Scientific classification
- Kingdom: Animalia
- Phylum: Mollusca
- Class: Gastropoda
- Order: Stylommatophora
- Family: Amastridae
- Genus: Amastra
- Species: A. spirizona
- Binomial name: Amastra spirizona Quoy & Gaimard, 1825
- Synonyms: Achatinella acuta W.J. Swainson; Helix spirizona Quoy & Gaimard, 1825;

= Amastra spirizona =

- Authority: Quoy & Gaimard, 1825
- Conservation status: CR
- Synonyms: Achatinella acuta W.J. Swainson, Helix spirizona Quoy & Gaimard, 1825

Species of gastropod

Amastra spirizona is a species of land snail, a terrestrial pulmonate gastropod mollusk in the Amastridae family.

== Subspecies ==
- Amastra spirizona chlorotica (L. Pfeiffer, 1856)
- Amastra spirizona nigrolabris E.A. Smith, 1873
- Amastra spirizona rudis L. Pfeiffer, 1855

==Description==
The length of the shell of Amastra spirizona attains 18 mm.
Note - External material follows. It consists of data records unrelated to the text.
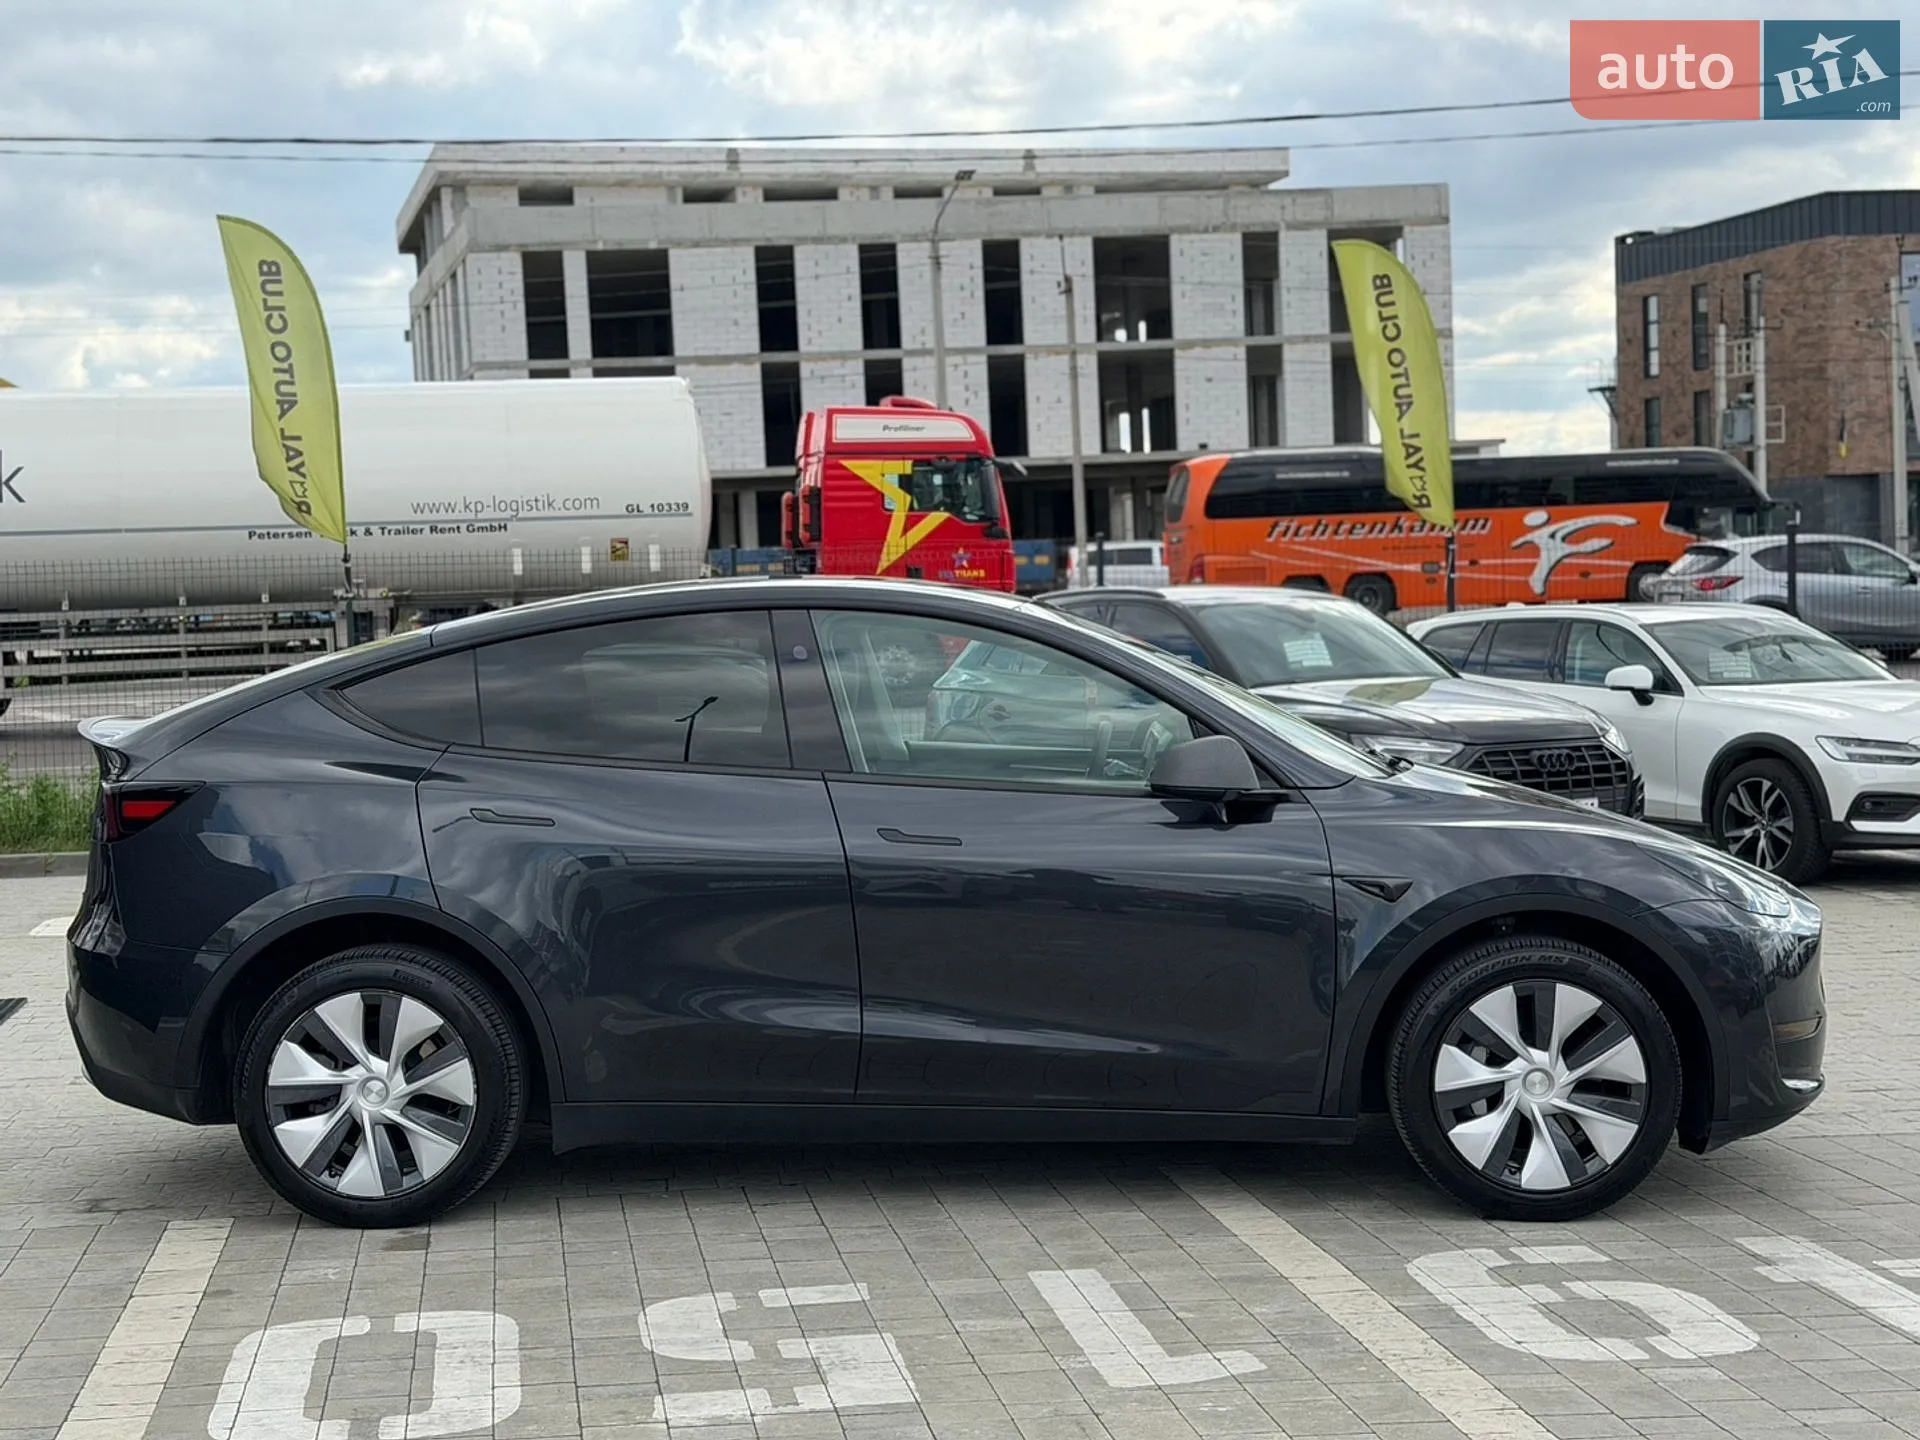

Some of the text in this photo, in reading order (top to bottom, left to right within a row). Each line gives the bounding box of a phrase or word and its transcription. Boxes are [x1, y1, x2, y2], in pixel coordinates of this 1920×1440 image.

[411, 494, 600, 518] www.kp-logistik.com
[625, 502, 690, 514] GL 10339
[248, 530, 312, 540] Petersen
[363, 527, 374, 537] &
[379, 525, 426, 537] Trailer
[429, 525, 461, 535] Rent
[466, 523, 508, 534] GmbH
The shell is conical in shape, opaque, and sculptured with fine ridges. Within the shell is a small body with elongated eyes and a rough outer texture.
==Distribution and habitat==
Amastra spirizona is endemic to Hawaii. It can be found in trees, specifically ekaha ferns (Asplenium nidus) and ōpuhe leaves (Touchardia sandwicensis) in the Waianae mountain range on the island of Oahu.

== Conservation status ==
Amastra spirizona has been collected by researchers from their original range in the Waianae mountains. Precisely thirty snails were captured to stop the population from further declining in 2015. This species is preyed on by animals, which includes rats, cannibal snails, and chameleons, but is not considered federally or state endangered. The Snail Extinction Prevention Program (SEPP) released around 1200 snails, including Amastra spirizona, into a predator-free enclosure that they keep well-maintained.